100 Years Maintenance-Free: Zinc is Key to Norwegian Bridge Protection

    May 17, 2022 Corrosion CONTROLLED, Corrosion Essentials, Coatings

    A view of Norway’s Gjemnessund bridge. This concrete-and-steel suspension bridge crosses over a marina and an inlet.

    To maintain the 5,800 bridges that cross fjords, link remote islands, and expedite travel throughout the “Land of the Midnight Sun,” the Norwegian Public Roads Administration (NPRA) performs routine bridge inspections and uses continuous real-time monitoring through tools such as digital twin technology and movement sensors to determine what kind of repairs are required. 

    For many of those bridges, there’s no maintenance needed. 

    Since 1965, the use of thermal spray zinc (TSZ) duplex coatings has shown to be a highly successful method for protecting steel highway bridges in Norway. Despite harsh environmental conditions, coating performance indicators show that many of these bridges may realize their full 100-year design life without maintenance.

    The NPRA first tested TSZ duplex coatings on the Djupfjord Bridge, a small suspension bridge in the Lofoten archipelago, in 1958. In 1965, inspired by Scotland’s Forth Road Bridge, the NPRA mandated that all new steel highway bridges be protected with TSZ duplex coatings, as no other protection has proven close in terms of durability.

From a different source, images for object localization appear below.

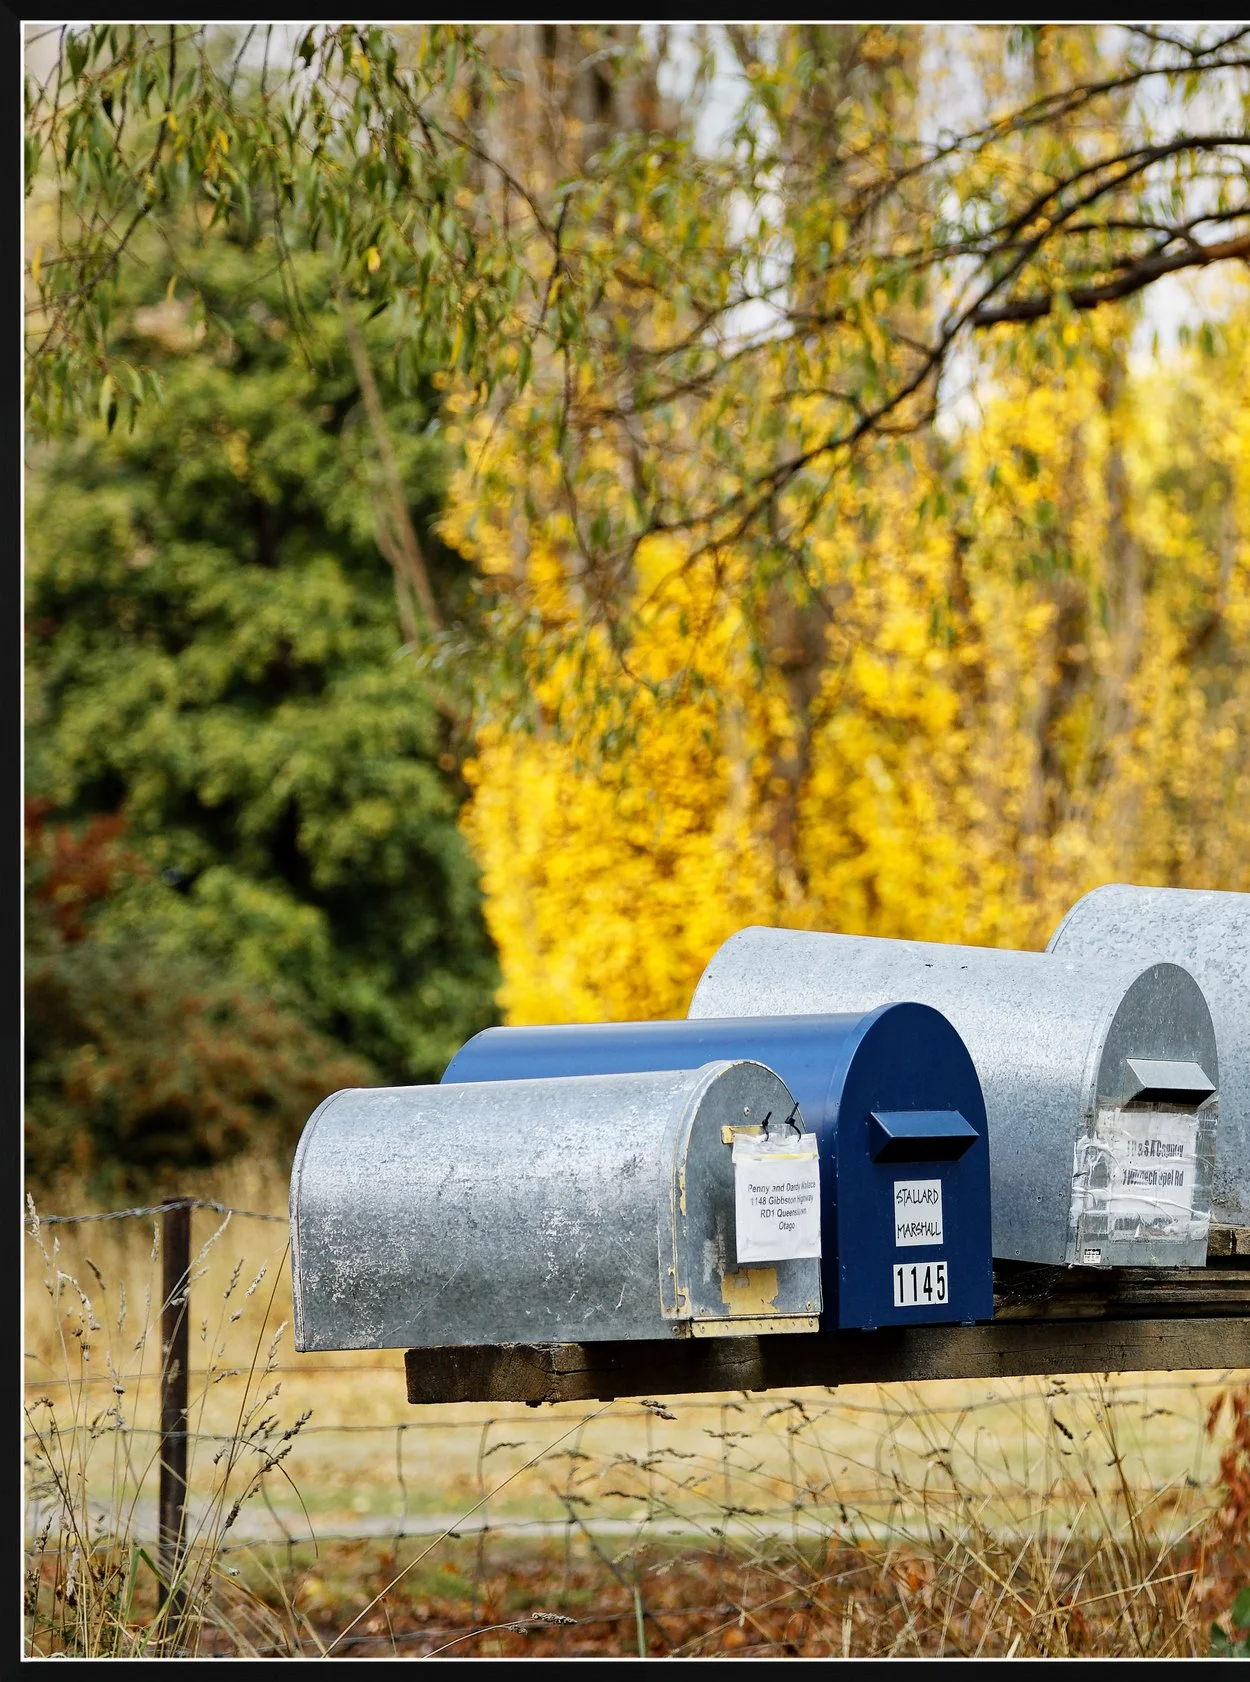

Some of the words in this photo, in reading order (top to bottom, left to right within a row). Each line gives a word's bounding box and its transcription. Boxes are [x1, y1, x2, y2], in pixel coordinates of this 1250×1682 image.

[1174, 1170, 1184, 1187] Rd
[747, 1183, 769, 1195] Penny
[771, 1183, 785, 1192] and
[751, 1196, 767, 1206] 1148
[768, 1196, 797, 1205] Gibbston
[896, 1188, 939, 1207] STALLARD
[760, 1208, 775, 1218] RD1
[778, 1221, 796, 1232] Otago
[897, 1221, 941, 1239] MARSHALL
[897, 1264, 946, 1304] 1145

    Since it was first patented in Germany and Switzerland by Max Schoop in 1909, the use of TSZ duplex coatings has shown to be highly effective, offering a coating life of 35 years before first maintenance, which is often only a renewal of the paint topcoat — no blast cleaning to base metal, only power washing of the paint layer. By taking preventative action to repair only the paint, the TSZ base layer will not corrode. 

    TSZ can be applied by either flame spraying or electric arc spraying, following a surface prep process of grit blasting in order to provide adequate mechanical adhesion. This process is also known as metallization or metallizing

    The flame spray technique uses an acetylene-oxygen flame to melt a zinc wire or powder that is continuously fed into this flame. A stream of compressed air then propels the molten metal droplets onto the steel surface. For the arc spraying technique, two zinc wires are brought together at an angle, and an imposed voltage difference between them creates an electric arc. A gas flow then atomizes and propels the molten metal droplets toward the steel substrate.

    Paint on top of metallic zinc-coated steel is called a “duplex” coating. The combination of the zinc coating plus a paint topcoat system creates a synergistic service life extension that exceeds the sum of its parts. The paint topcoat provides extra barrier protection for the zinc, but the main reason for the synergy is that the metallic zinc coating protects the paint from underfilm corrosion creep at scratches or holes. 

    The most important factor in determining coating life is the quality of the coating. Application errors like spitting, pinholes, and low paint film thickness have been found to result in coating failures.

    There are a few disadvantages to using a thermal spray zinc (TSZ) duplex coating system. High initial setup costs for thermal spray applications may deter some asset owners. Arc spraying can create hazardous working conditions and require additional personal protective equipment (PPE). Additionally, zinc sprays can be harder to control than other zinc-based coating systems, requiring specialty operator knowledge. 


    Gagné, Martin, and Ole Øystein Knudsen. “Duplex Zinc Coatings for Steel Bridges.” Materials Performance Magazine, Oct. 2021. 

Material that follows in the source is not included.